- [INFORMATION SUPPLIED]:
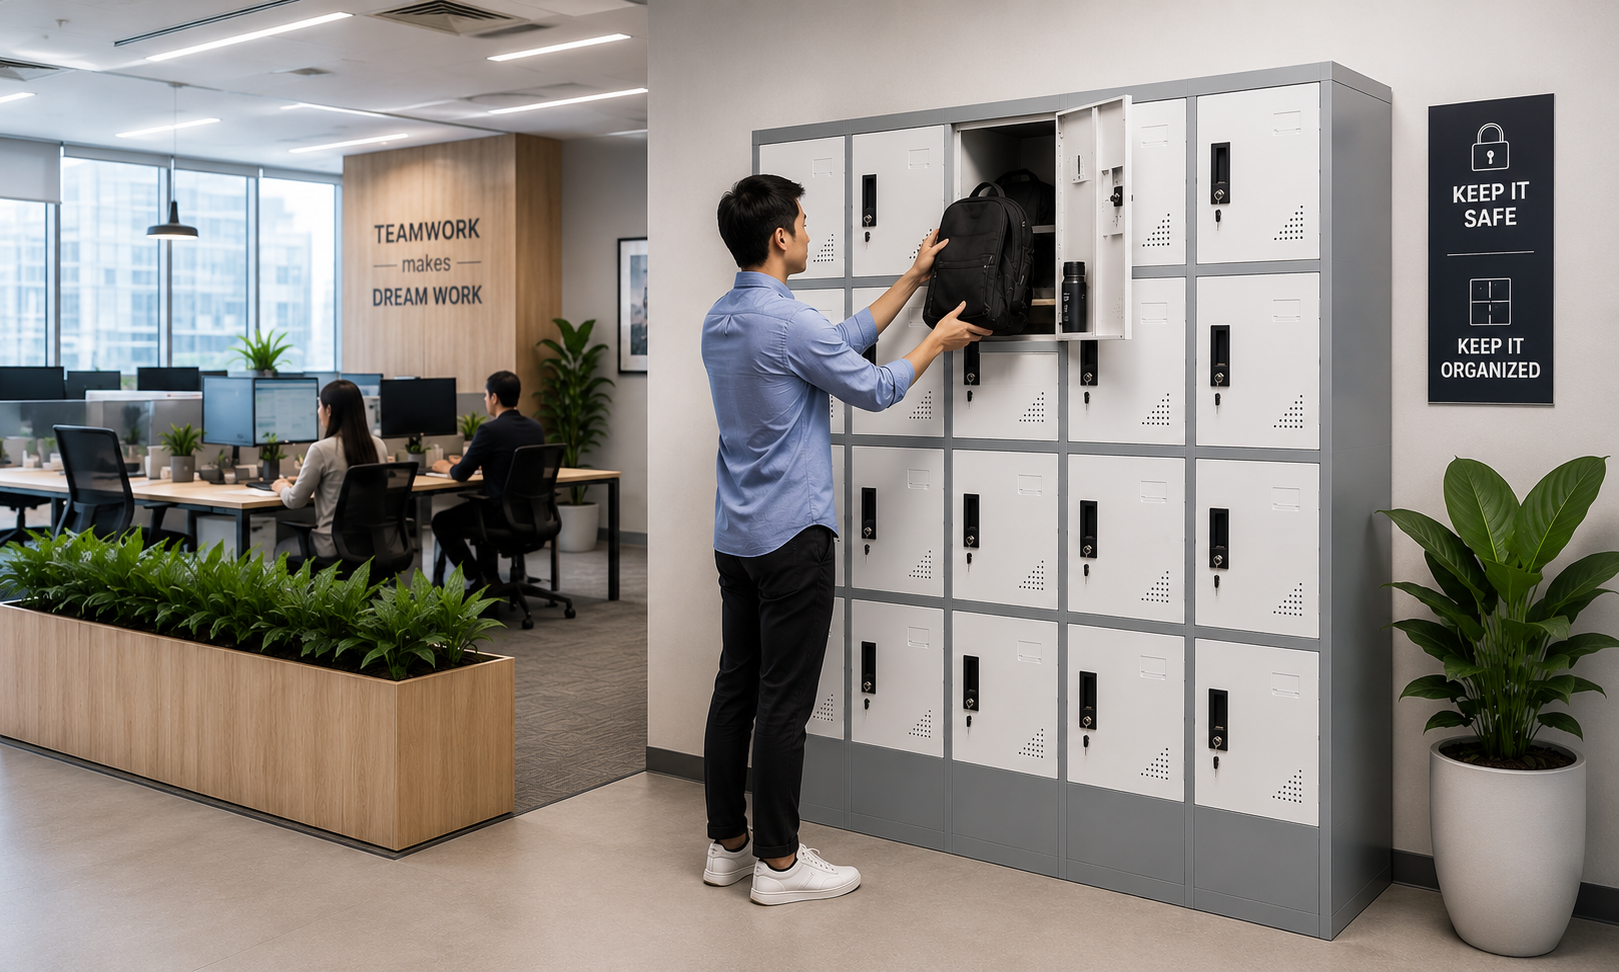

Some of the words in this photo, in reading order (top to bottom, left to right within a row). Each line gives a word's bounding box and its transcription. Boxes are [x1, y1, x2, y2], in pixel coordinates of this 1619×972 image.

[1453, 183, 1505, 203] KEEP
[1511, 181, 1530, 200] IT
[1464, 207, 1517, 228] SAFE
[374, 217, 480, 244] TEAMWORK
[402, 254, 451, 273] makes
[373, 287, 428, 307] DREAM
[433, 285, 483, 305] WORK
[1457, 337, 1502, 355] KEEP
[1508, 337, 1525, 354] IT
[1441, 361, 1541, 379] ORGANIZED
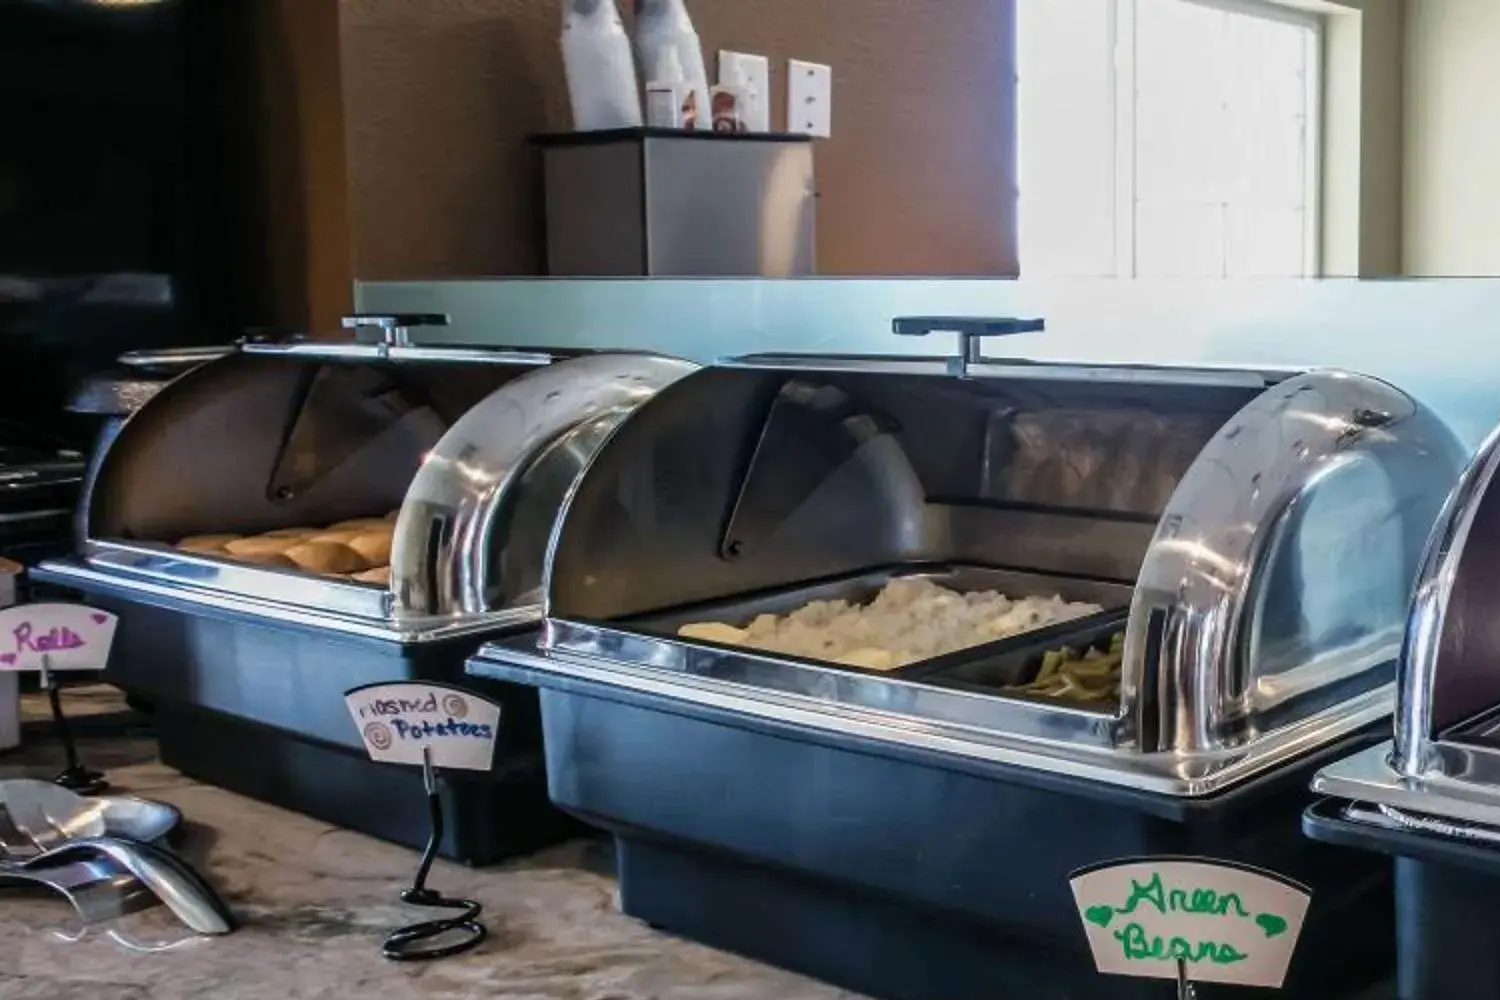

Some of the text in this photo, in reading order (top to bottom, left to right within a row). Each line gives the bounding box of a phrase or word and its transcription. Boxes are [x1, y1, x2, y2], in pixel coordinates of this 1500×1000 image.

- [PROMPT]: From the first line to the last, repeat the records exactly, leaving out the pictures.

- [TASK OUTPUT]:
Some of the words in this photo, in reading order (top to bottom, left to right within a row). Each line gives a word's bounding box and its transcription. Boxes are [x1, y1, x2, y2], in pixel coordinates of this 1619×972 image.

[1453, 183, 1505, 203] KEEP
[1511, 181, 1530, 200] IT
[1464, 207, 1517, 228] SAFE
[374, 217, 480, 244] TEAMWORK
[402, 254, 451, 273] makes
[373, 287, 428, 307] DREAM
[433, 285, 483, 305] WORK
[1457, 337, 1502, 355] KEEP
[1508, 337, 1525, 354] IT
[1441, 361, 1541, 379] ORGANIZED

Some of the text in this photo, in reading order (top to bottom, left to right within a row). Each line gives the bounding box of a phrase or word and its transcription. Boxes are [x1, y1, x2, y2], in pixel coordinates of this 1500×1000 image.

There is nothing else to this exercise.